The Design of Ideation for
New Product Ideas

By Arthur VanGundy PhD
(Continued from page 5)

The Muddled Middle

The "Sensing and Feeling" and "Thinking and Knowing" stages prepare you to confront the "Muddled Middle." Questions during the Fuzzy Front End (FFE) should provide you with the confidence to move on to idea generation. If you were thorough with the FFE, concept generation should be less muddled. As educator and philosopher John Dewey once said, "A well-defined problem is a half-solved one."

One secret to successful new product idea generation is "stimuli."
Stimuli are words and phrases that help trigger ideas. They can be problem-related words or they can be the ideas of yourself or others. When you free associate, for example, you use each previous thought as a stimulus. Stimuli come in two varieties: related and unrelated. Related stimuli have some direct connection to a product, platform, consumer, or similar topics. Unrelated stimuli are used to force the mind away from the problem and trigger free associations which then can be related back to the problem as concepts. The focus of this talk is on related stimuli, so I will restrict myself to that category.

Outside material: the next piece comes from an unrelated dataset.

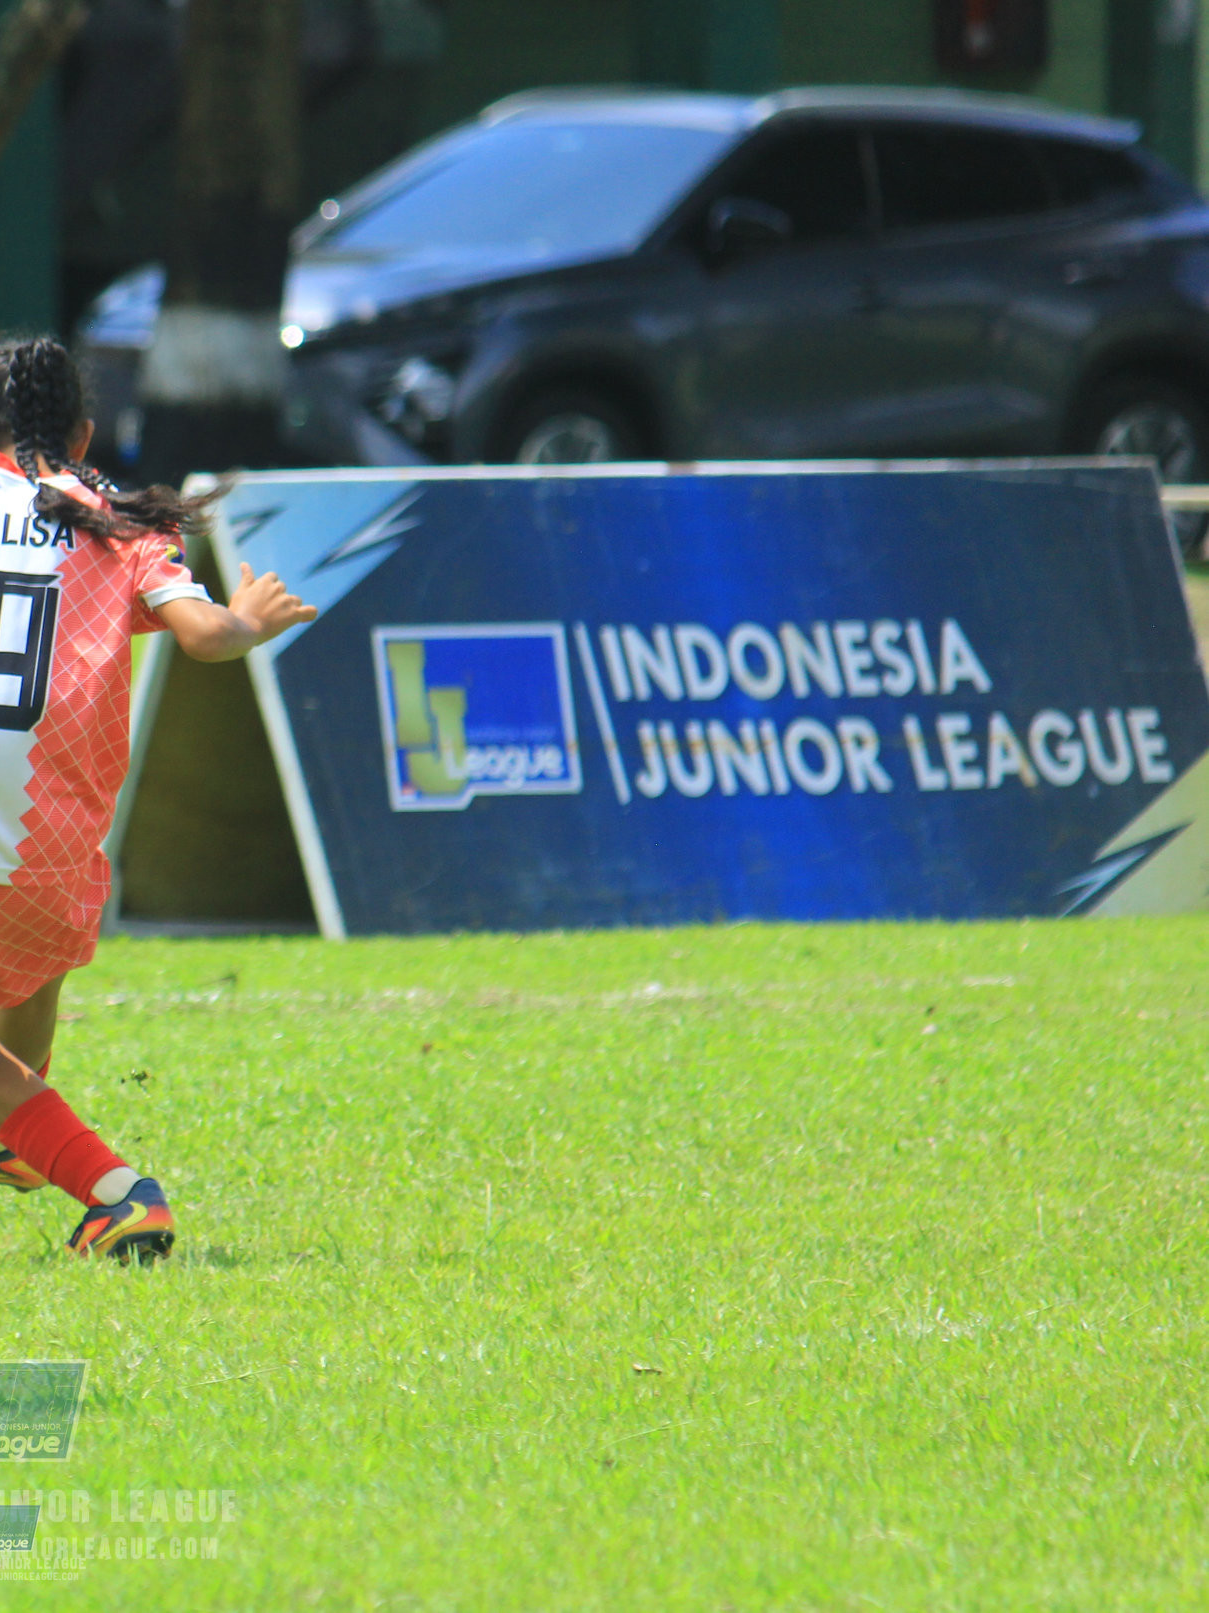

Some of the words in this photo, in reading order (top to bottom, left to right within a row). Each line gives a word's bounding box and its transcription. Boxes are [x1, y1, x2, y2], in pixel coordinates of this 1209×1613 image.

[600, 618, 991, 702] INDONESIA
[442, 734, 565, 788] League
[634, 715, 892, 799] JUNIOR
[904, 707, 1174, 793] LEAGUE

A major source of related stimuli are the answers to the questions during the Thinking and Knowing phase. Idea generation techniques use these stimuli in different combinations to spark ideas. (I’ve written about these techniques since the late 1970s and first spoke on them at PDMA in the early 1980s.)
Here are some examples of how to use stimuli to "set up" idea generation techniques.
I’ll use the problem, "How might we make homes safer with our products?"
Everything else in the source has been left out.